Print this span of the material below exactly: the line with "this 1600×1066 image.", the line with "this 1344×1512 image.", and every line between them, but nothing else.

- [Input records]
━━━━━━━━

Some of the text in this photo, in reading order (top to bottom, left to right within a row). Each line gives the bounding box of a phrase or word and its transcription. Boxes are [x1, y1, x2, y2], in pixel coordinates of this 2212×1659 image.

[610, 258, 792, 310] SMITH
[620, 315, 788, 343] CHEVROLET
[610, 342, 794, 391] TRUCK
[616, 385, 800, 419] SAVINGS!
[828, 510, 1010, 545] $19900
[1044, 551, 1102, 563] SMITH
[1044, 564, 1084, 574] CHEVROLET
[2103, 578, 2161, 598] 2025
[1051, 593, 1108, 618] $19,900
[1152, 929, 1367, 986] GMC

━━━━━━━━

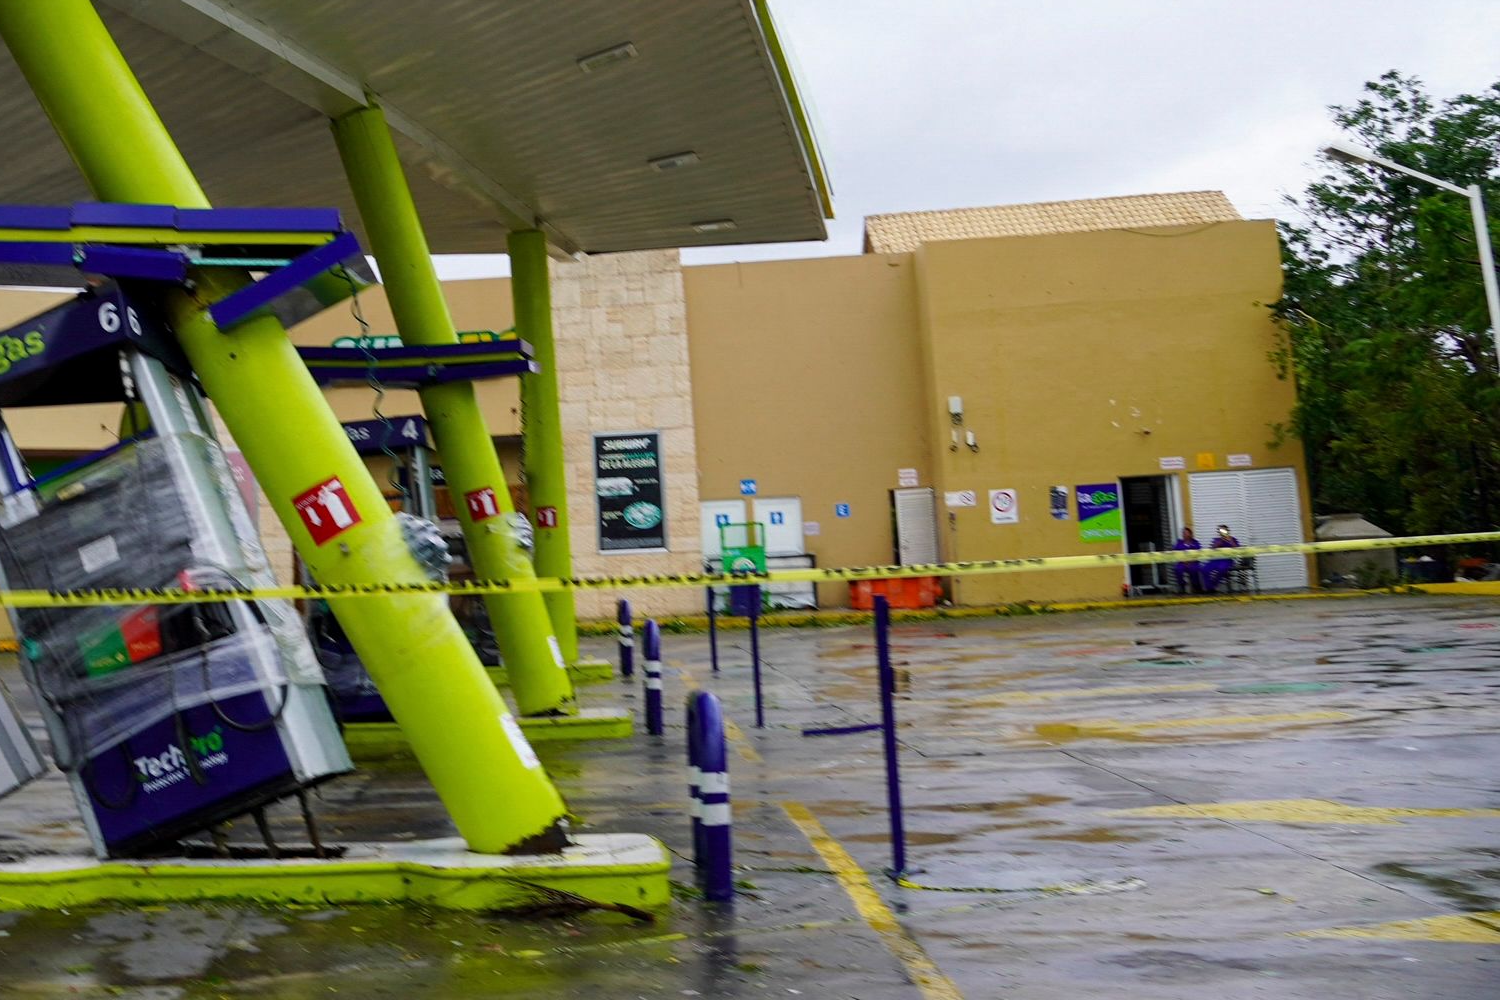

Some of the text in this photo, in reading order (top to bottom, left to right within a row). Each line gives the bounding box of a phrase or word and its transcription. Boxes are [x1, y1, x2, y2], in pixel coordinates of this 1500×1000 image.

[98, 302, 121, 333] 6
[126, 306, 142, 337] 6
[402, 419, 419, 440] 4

━━━━━━━━

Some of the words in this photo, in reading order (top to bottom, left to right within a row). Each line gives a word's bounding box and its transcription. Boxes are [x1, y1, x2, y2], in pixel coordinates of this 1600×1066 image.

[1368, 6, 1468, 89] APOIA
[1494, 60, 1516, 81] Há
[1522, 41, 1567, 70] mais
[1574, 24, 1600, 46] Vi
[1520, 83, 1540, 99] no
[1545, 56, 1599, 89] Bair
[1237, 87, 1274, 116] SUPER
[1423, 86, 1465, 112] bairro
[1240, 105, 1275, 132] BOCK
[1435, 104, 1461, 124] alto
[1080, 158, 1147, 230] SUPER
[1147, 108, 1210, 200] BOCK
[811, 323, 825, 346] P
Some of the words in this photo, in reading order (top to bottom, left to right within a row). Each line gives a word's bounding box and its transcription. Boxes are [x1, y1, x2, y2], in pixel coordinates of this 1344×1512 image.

━━━━━━━━

- [Result for this task]
Some of the words in this photo, in reading order (top to bottom, left to right within a row). Each line gives a word's bounding box and its transcription. Boxes are [x1, y1, x2, y2], in pixel coordinates of this 1600×1066 image.

[1368, 6, 1468, 89] APOIA
[1494, 60, 1516, 81] Há
[1522, 41, 1567, 70] mais
[1574, 24, 1600, 46] Vi
[1520, 83, 1540, 99] no
[1545, 56, 1599, 89] Bair
[1237, 87, 1274, 116] SUPER
[1423, 86, 1465, 112] bairro
[1240, 105, 1275, 132] BOCK
[1435, 104, 1461, 124] alto
[1080, 158, 1147, 230] SUPER
[1147, 108, 1210, 200] BOCK
[811, 323, 825, 346] P
Some of the words in this photo, in reading order (top to bottom, left to right within a row). Each line gives a word's bounding box and its transcription. Boxes are [x1, y1, x2, y2], in pixel coordinates of this 1344×1512 image.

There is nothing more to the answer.